De noche, cuando pongo mis sienes en la almohada
y hacia otro mundo quiero mi espíritu volver;
camino mucho, mucho, y al fin de la jornada,
las formas de mi madre se pierden en la nada,
y tú de nuevo vuelves en mi alma a aparecer.

Comprendo que tus besos jamás han de ser míos,
comprendo que en tus ojos no me he de ver jamás;
y te amo, y en mis locos y ardientes desvaríos,
bendigo tus desdenes, adoro tus desvíos,
y en vez de amarte menos, te quiero mucho más.

A veces pienso en darte mi eterna despedida,
borrarte en mis recuerdos y huír de esta pasión;
mas si es en vano todo y el alma no te olvida,
¿qué quieres tú que yo haga, pedazo de mi vida,
qué quieres tú que yo haga con este corazón?

Y luego que ya estaba concluído tu santuario,
tu lámpara encendida, tu velo en el altar;
el sol de la mañana detrás del campanario,
chispeando las antorchas, humeando el incensario,
y abierta, allá a lo lejos, la puerta del hogar.

¡Qué hermoso hubiera sido vivir bajo aquel techo,
los dos unidos siempre y amándonos los dos:
tú siempre enamorada, yo siempre satisfecho,
los dos una sola alma, los dos un solo pecho,
y en medio de nosotros, mi madre como un dios?

¡Figúrate qué hermosas las horas de esa vida!
¡Qué dulce y bello el viaje por una tierra así!
Y yo soñaba en eso mi santa prometida;
y al delirar en eso con ansia estremecida,
pensaba yo en ser bueno por ti, nomás por ti.

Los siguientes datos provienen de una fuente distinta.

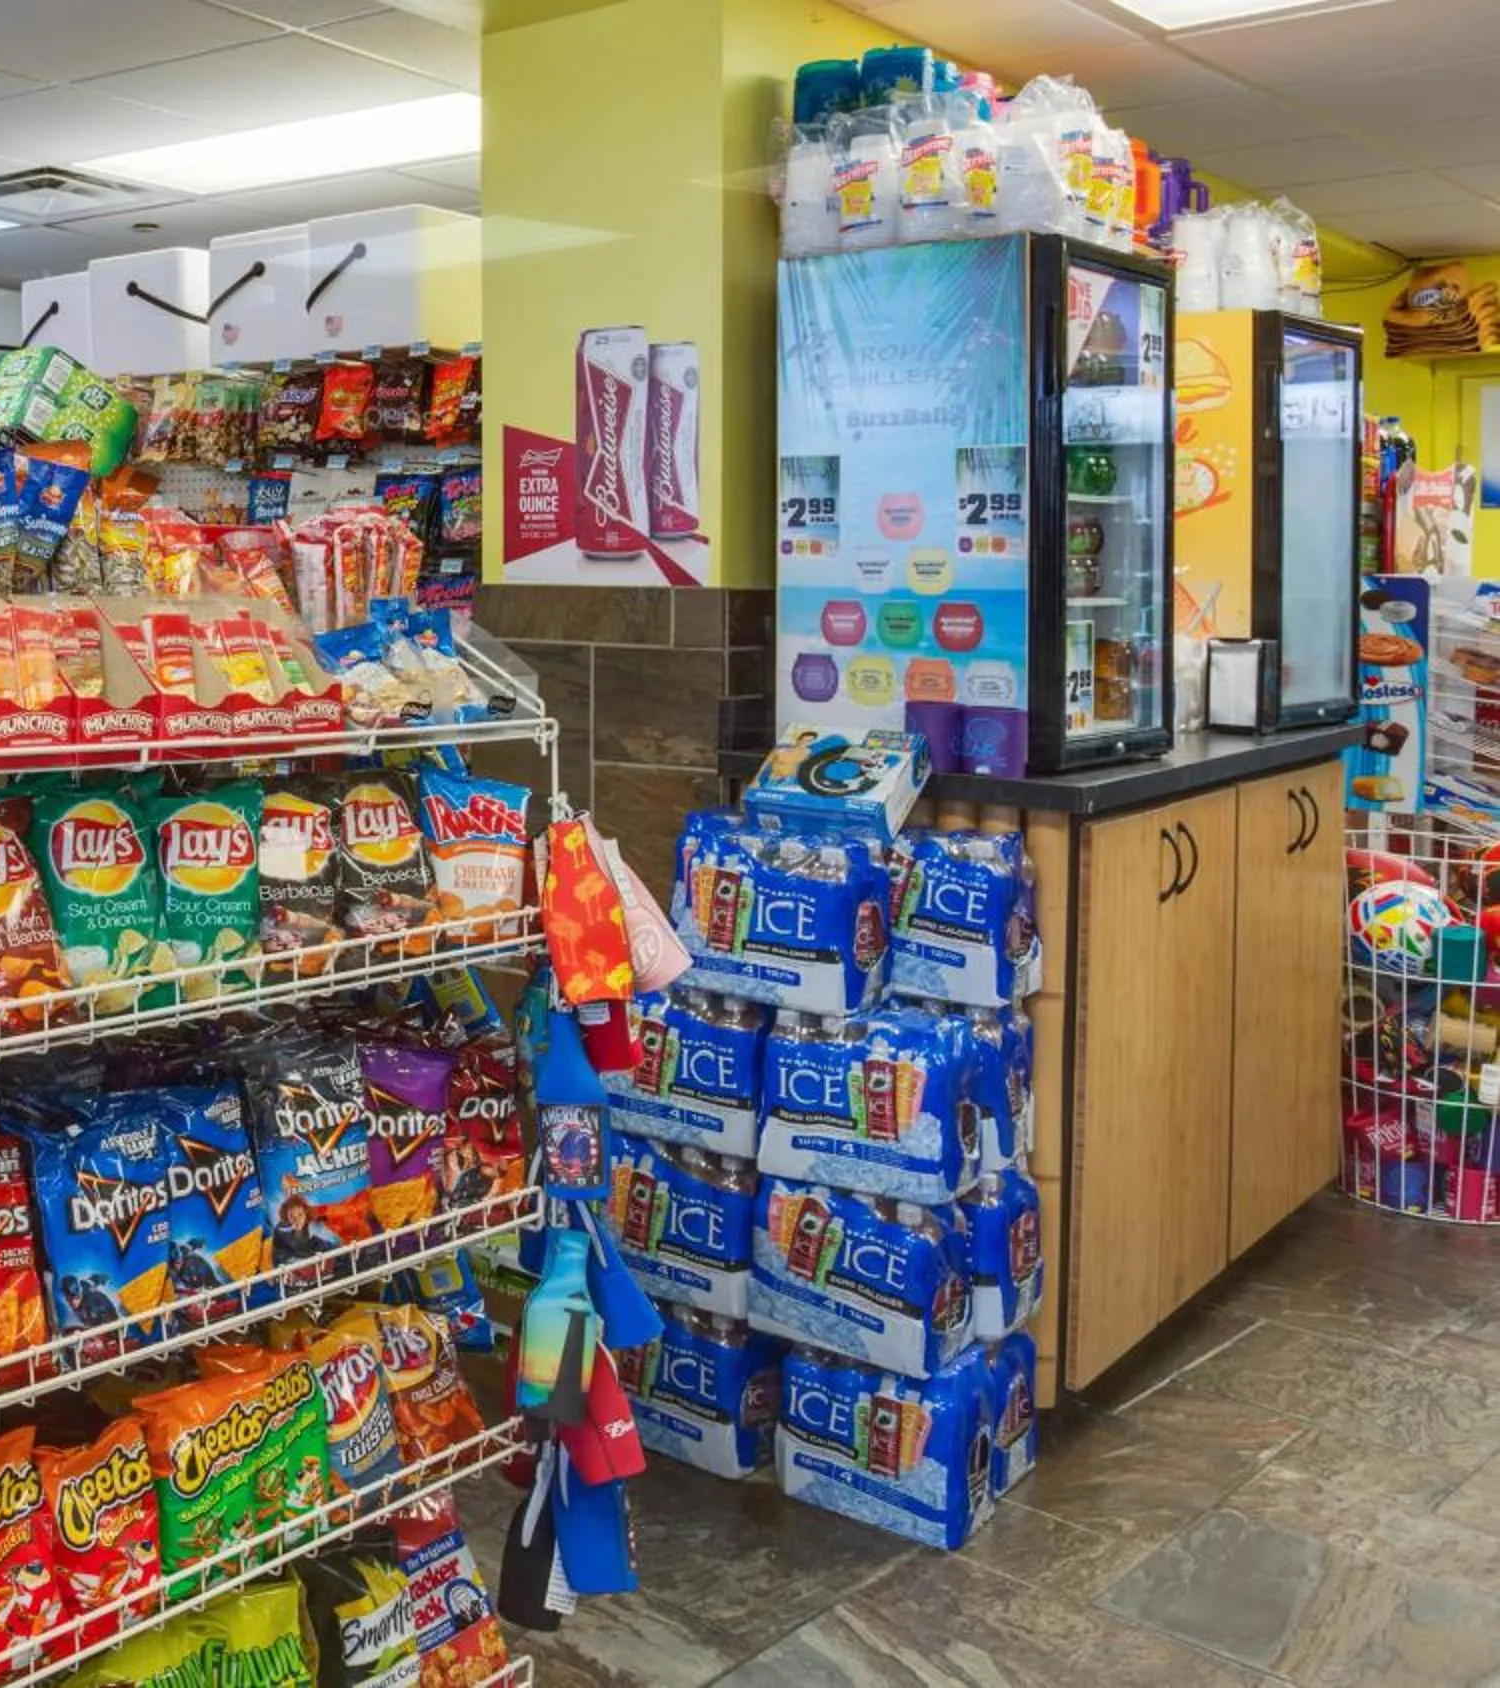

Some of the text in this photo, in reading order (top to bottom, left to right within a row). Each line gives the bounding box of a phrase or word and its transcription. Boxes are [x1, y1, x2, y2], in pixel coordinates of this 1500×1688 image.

Bien sabe Dios que ese era mi más hermoso sueño,
mi afán y mi esperanza, mi dicha y mi placer;
¡bien sabe Dios que en nada cifraba yo mi empeño,
sino en amarte mucho bajo el hogar risueño
que me envolvió en sus besos cuando me vio nacer!

Esa era mi esperanza... mas ya que a sus fulgores
se opone el hondo abismo que existe entre los dos,
¡adiós por la vez última, amor de mis amores;
la luz de mis tinieblas, la esencia de mis flores;
mi lira de poeta, mi juventud, adiós!